» EXERCISE INSTRUCTIONS
Restate each record below word for word, skipping images.

Text-to-region grounding data
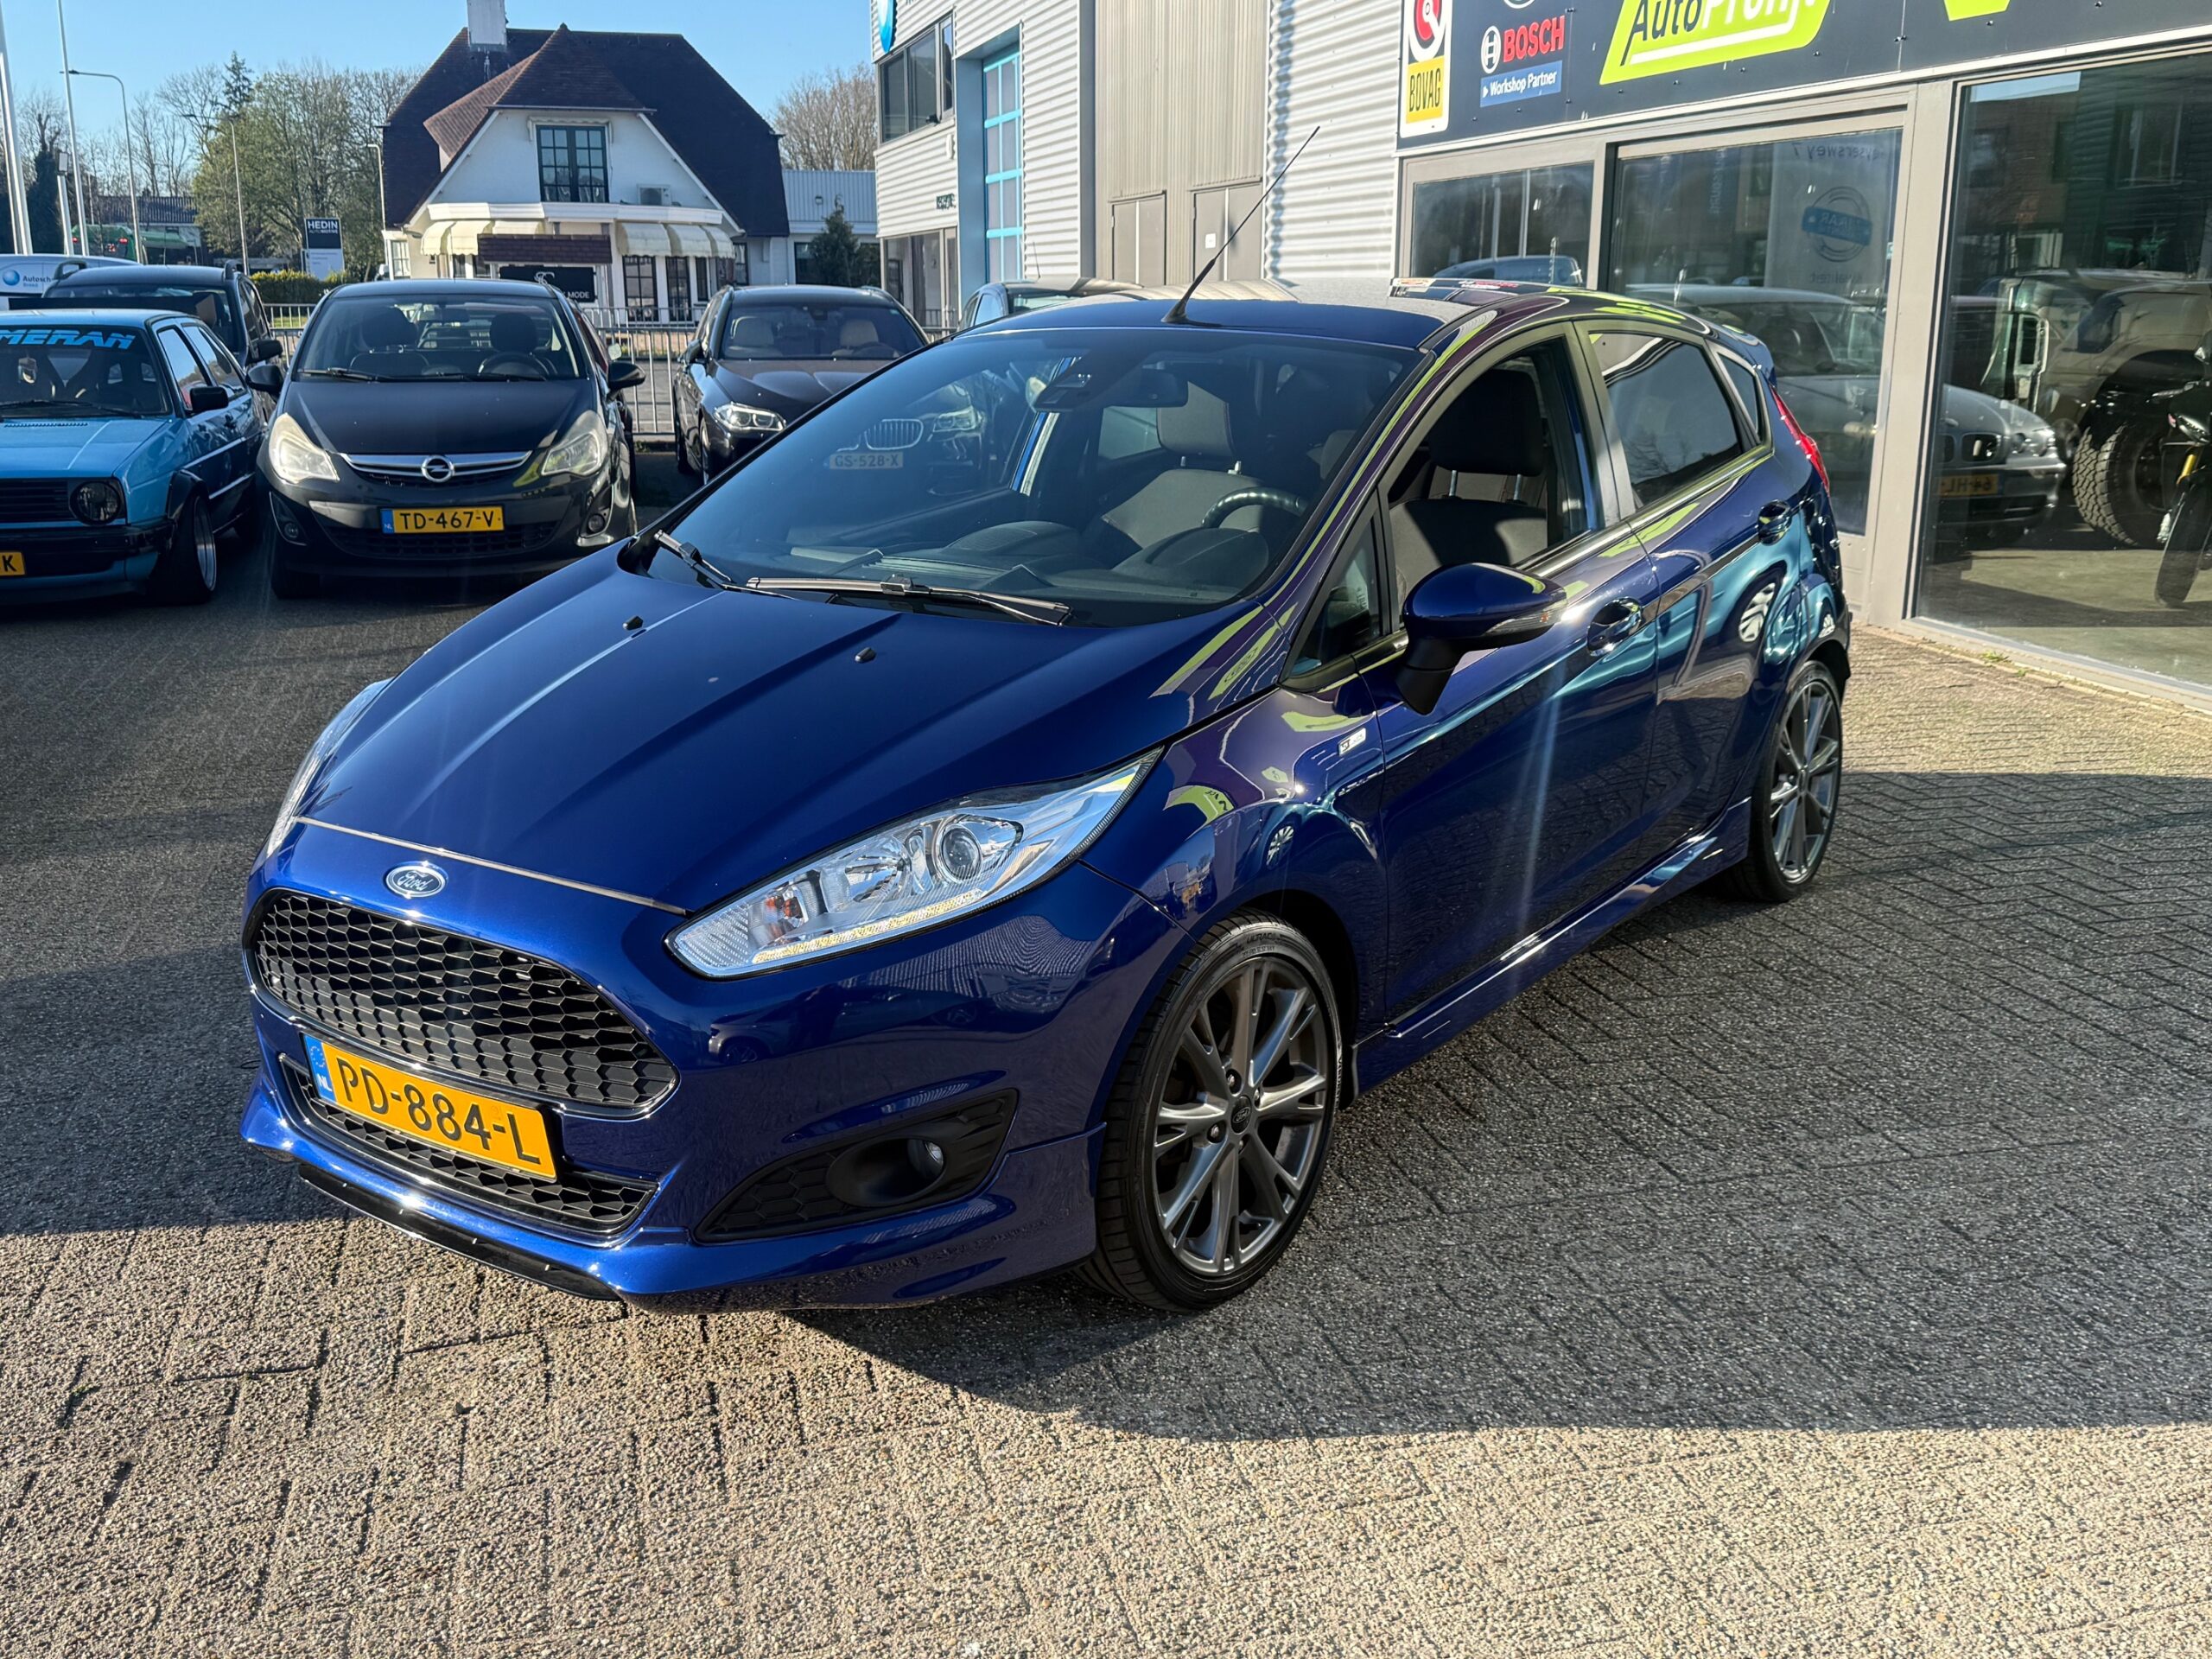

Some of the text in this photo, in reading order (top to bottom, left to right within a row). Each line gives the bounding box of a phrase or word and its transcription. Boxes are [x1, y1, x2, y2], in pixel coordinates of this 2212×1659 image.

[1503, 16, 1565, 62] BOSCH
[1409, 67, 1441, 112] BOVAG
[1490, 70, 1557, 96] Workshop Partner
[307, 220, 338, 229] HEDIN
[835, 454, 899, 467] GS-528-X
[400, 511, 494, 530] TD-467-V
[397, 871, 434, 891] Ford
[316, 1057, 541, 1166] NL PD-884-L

» YOUR RESPONSE
Some of the text in this photo, in reading order (top to bottom, left to right within a row). Each line gives the bounding box of a phrase or word and its transcription. Boxes are [x1, y1, x2, y2], in pixel coordinates of this 2212×1659 image.

[1503, 16, 1565, 62] BOSCH
[1409, 67, 1441, 112] BOVAG
[1490, 70, 1557, 96] Workshop Partner
[307, 220, 338, 229] HEDIN
[835, 454, 899, 467] GS-528-X
[400, 511, 494, 530] TD-467-V
[397, 871, 434, 891] Ford
[316, 1057, 541, 1166] NL PD-884-L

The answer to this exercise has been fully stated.